BEGIN Data listing
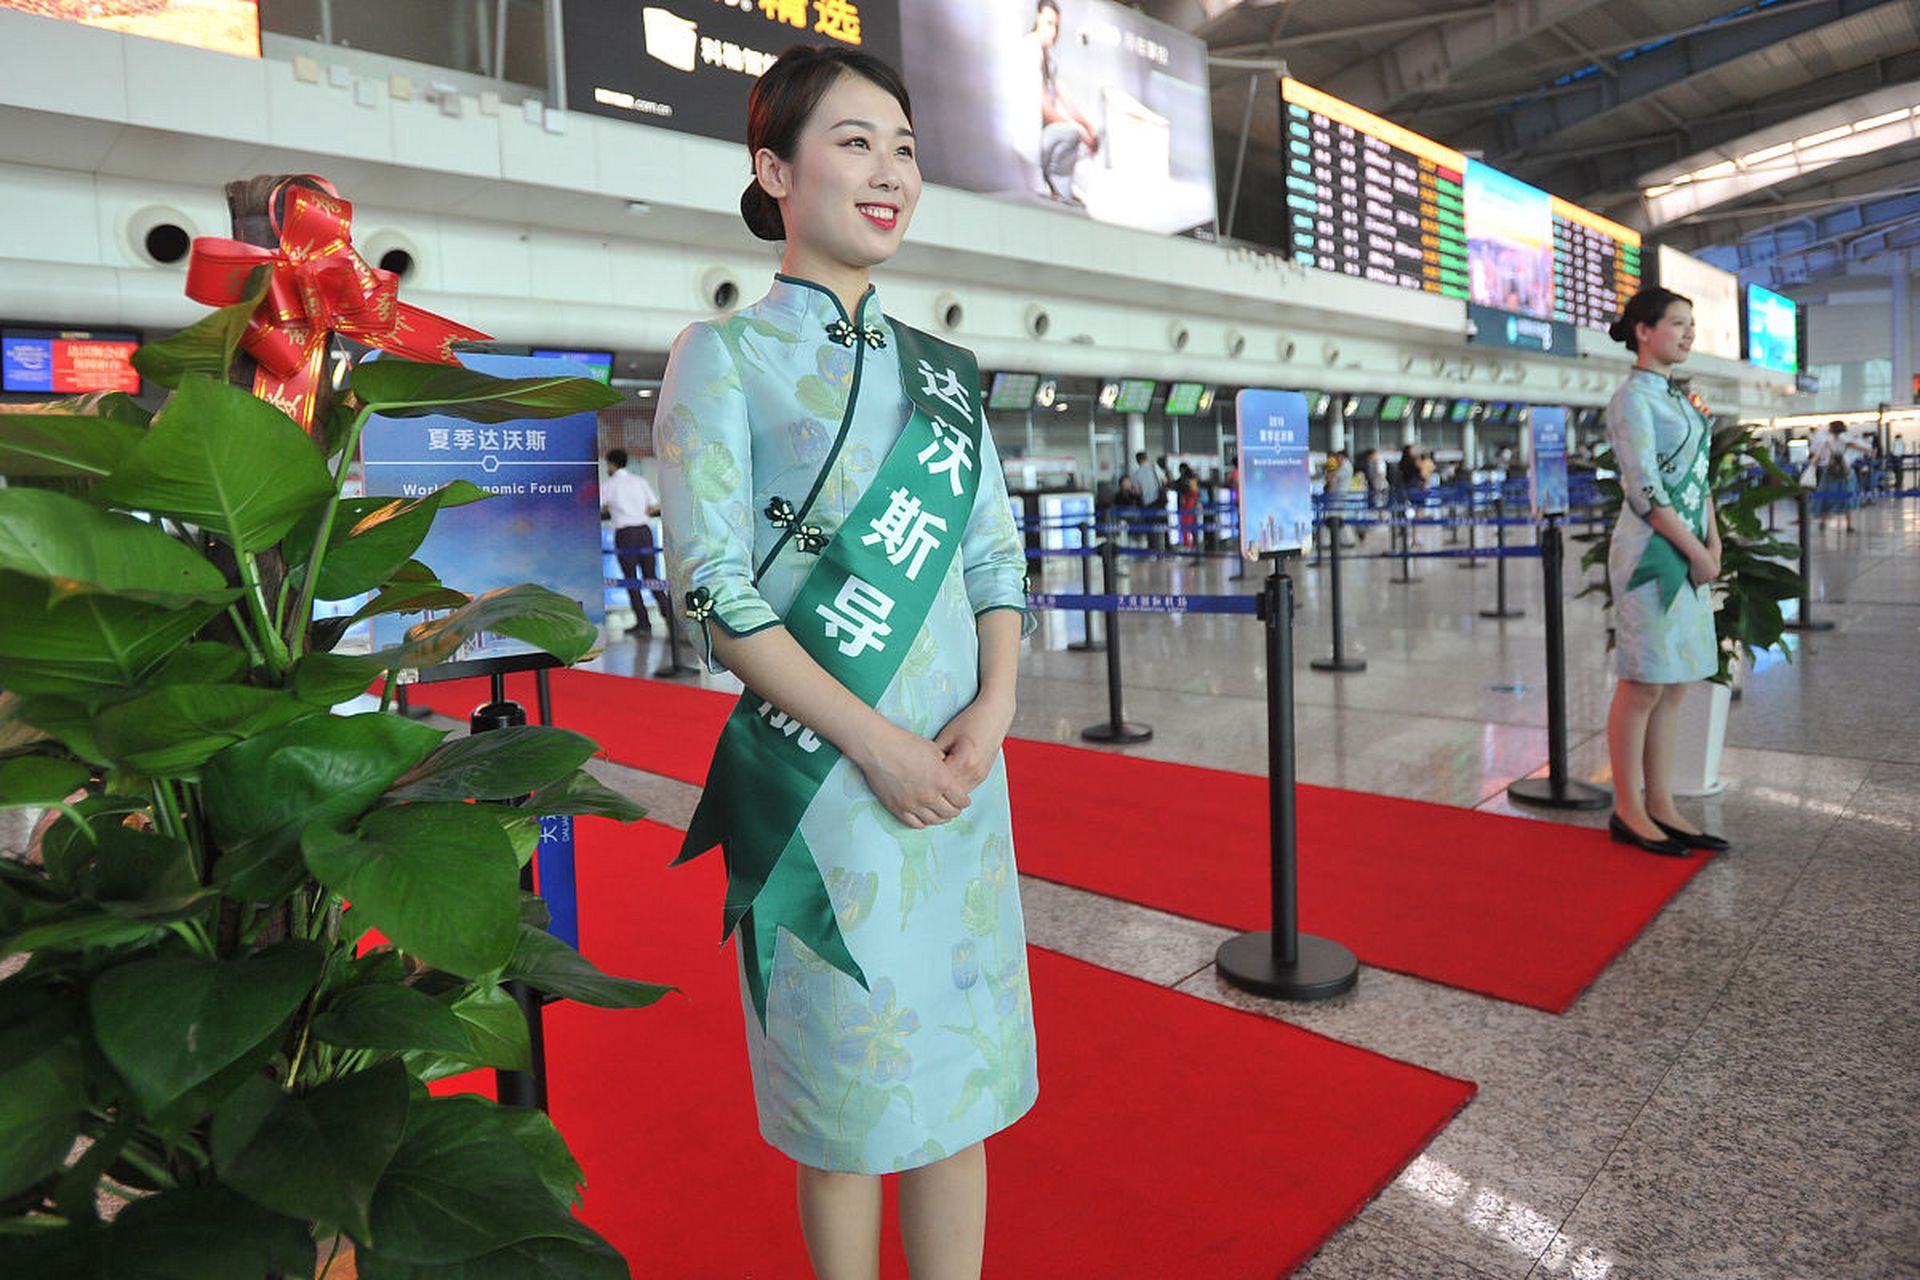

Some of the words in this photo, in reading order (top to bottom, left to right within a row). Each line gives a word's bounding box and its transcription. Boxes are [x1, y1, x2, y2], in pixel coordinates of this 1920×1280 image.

[427, 428, 547, 451] 夏季达沃斯
[402, 484, 439, 496] Worl
[530, 482, 573, 495] Forum
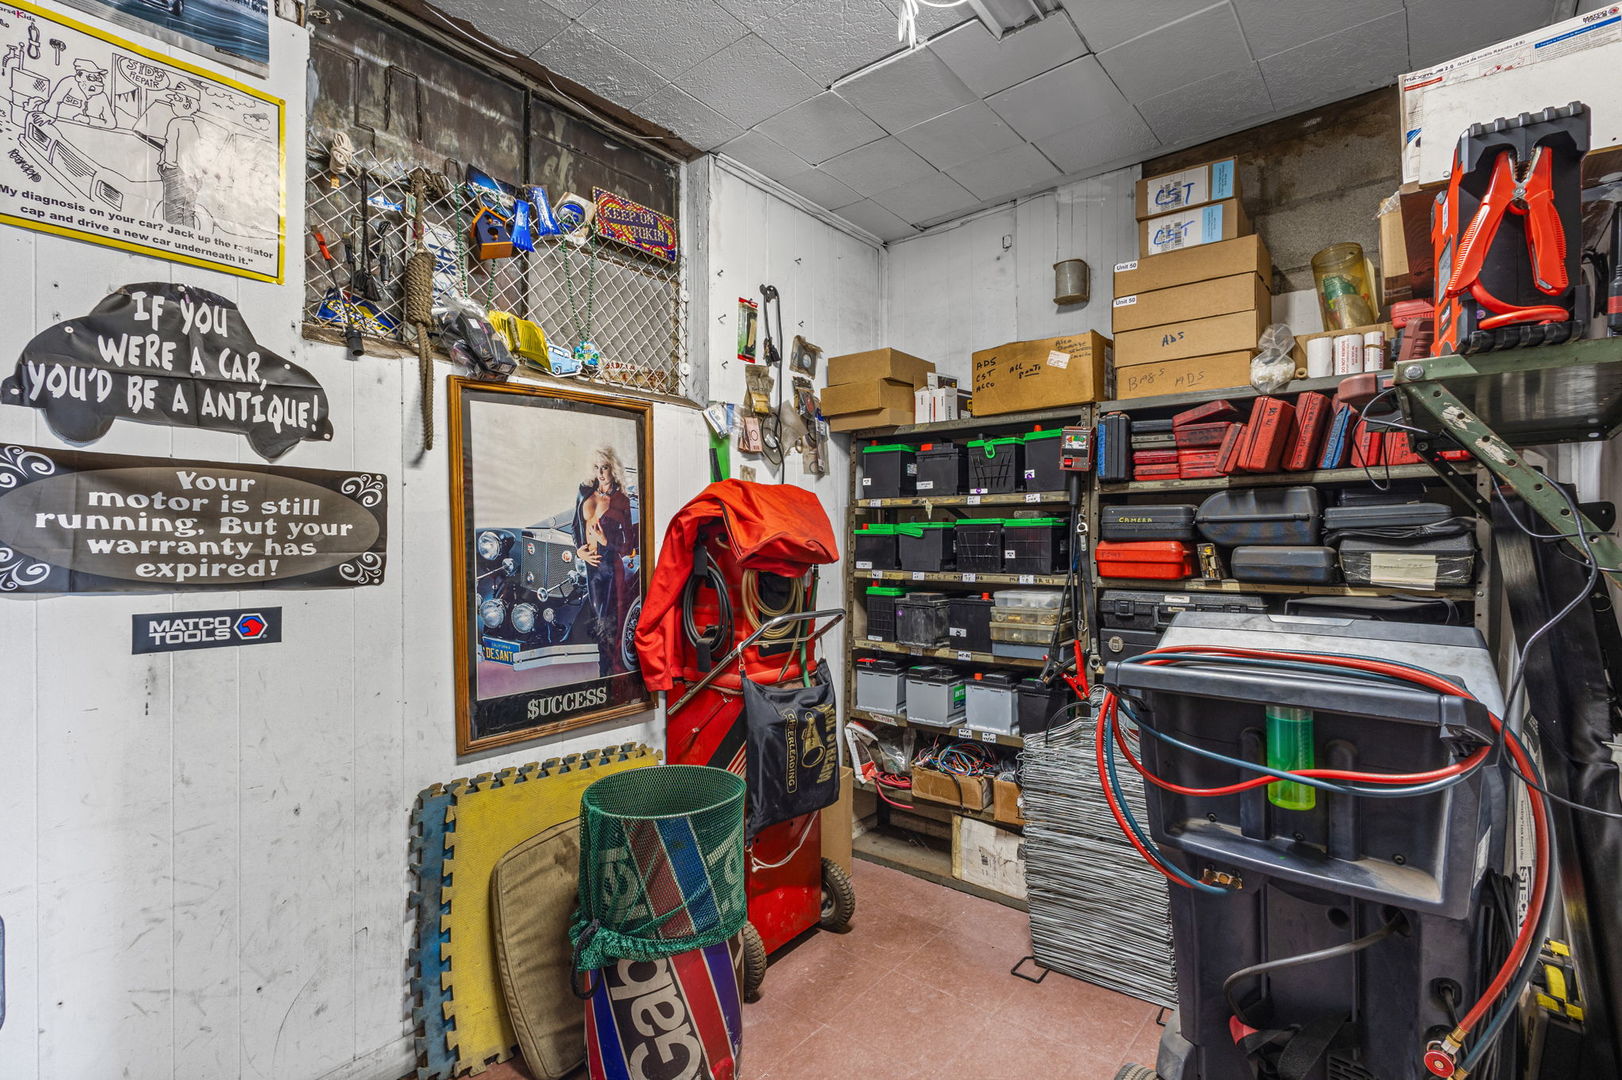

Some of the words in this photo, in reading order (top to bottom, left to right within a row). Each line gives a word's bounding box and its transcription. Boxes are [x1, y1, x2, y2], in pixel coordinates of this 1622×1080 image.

[127, 58, 165, 82] SID'S
[129, 71, 160, 89] REPAIR
[65, 95, 80, 106] SID
[1155, 182, 1195, 205] CST
[22, 190, 85, 212] diagnosis
[90, 208, 105, 217] on
[108, 211, 135, 224] your
[139, 217, 164, 231] car?
[167, 225, 194, 239] Jack
[198, 233, 211, 244] up
[214, 236, 231, 248] the
[20, 205, 45, 219] cap
[50, 209, 74, 224] and
[78, 215, 109, 232] drive
[113, 227, 120, 235] a
[124, 229, 149, 241] new
[152, 236, 171, 246] car
[174, 241, 236, 263] underneath
[1153, 220, 1195, 246] CST
[131, 291, 164, 331] IF
[180, 302, 228, 337] YOU
[98, 334, 177, 372] WERE
[190, 347, 206, 376] A
[218, 347, 267, 391] CAR,
[976, 356, 998, 371] ADS
[976, 368, 996, 383] CST
[28, 360, 113, 402] YOU'D
[127, 375, 158, 414] BE
[172, 384, 189, 414] A
[201, 388, 319, 434] ANTIQUE!
[176, 471, 256, 491] Your
[88, 491, 209, 512] motor
[221, 494, 250, 513] is
[261, 499, 320, 516] still
[219, 517, 278, 535] But
[288, 521, 353, 539] your
[87, 538, 254, 559] warranty
[264, 538, 317, 556] has
[135, 559, 279, 582] expired!
[149, 617, 231, 633] MATCO
[149, 630, 231, 646] TOOLS
END Data listing
Exercise
Pictures do not go in the copy; print every entry exactly as it stands.

Answer to this exercise
Some of the words in this photo, in reading order (top to bottom, left to right within a row). Each line gives a word's bounding box and its transcription. Boxes are [x1, y1, x2, y2], in pixel coordinates of this 1920×1280 image.

[427, 428, 547, 451] 夏季达沃斯
[402, 484, 439, 496] Worl
[530, 482, 573, 495] Forum

Some of the words in this photo, in reading order (top to bottom, left to right within a row). Each line gives a word's bounding box and its transcription. Boxes are [x1, y1, x2, y2], in pixel coordinates of this 1622×1080 image.

[127, 58, 165, 82] SID'S
[129, 71, 160, 89] REPAIR
[65, 95, 80, 106] SID
[1155, 182, 1195, 205] CST
[22, 190, 85, 212] diagnosis
[90, 208, 105, 217] on
[108, 211, 135, 224] your
[139, 217, 164, 231] car?
[167, 225, 194, 239] Jack
[198, 233, 211, 244] up
[214, 236, 231, 248] the
[20, 205, 45, 219] cap
[50, 209, 74, 224] and
[78, 215, 109, 232] drive
[113, 227, 120, 235] a
[124, 229, 149, 241] new
[152, 236, 171, 246] car
[174, 241, 236, 263] underneath
[1153, 220, 1195, 246] CST
[131, 291, 164, 331] IF
[180, 302, 228, 337] YOU
[98, 334, 177, 372] WERE
[190, 347, 206, 376] A
[218, 347, 267, 391] CAR,
[976, 356, 998, 371] ADS
[976, 368, 996, 383] CST
[28, 360, 113, 402] YOU'D
[127, 375, 158, 414] BE
[172, 384, 189, 414] A
[201, 388, 319, 434] ANTIQUE!
[176, 471, 256, 491] Your
[88, 491, 209, 512] motor
[221, 494, 250, 513] is
[261, 499, 320, 516] still
[219, 517, 278, 535] But
[288, 521, 353, 539] your
[87, 538, 254, 559] warranty
[264, 538, 317, 556] has
[135, 559, 279, 582] expired!
[149, 617, 231, 633] MATCO
[149, 630, 231, 646] TOOLS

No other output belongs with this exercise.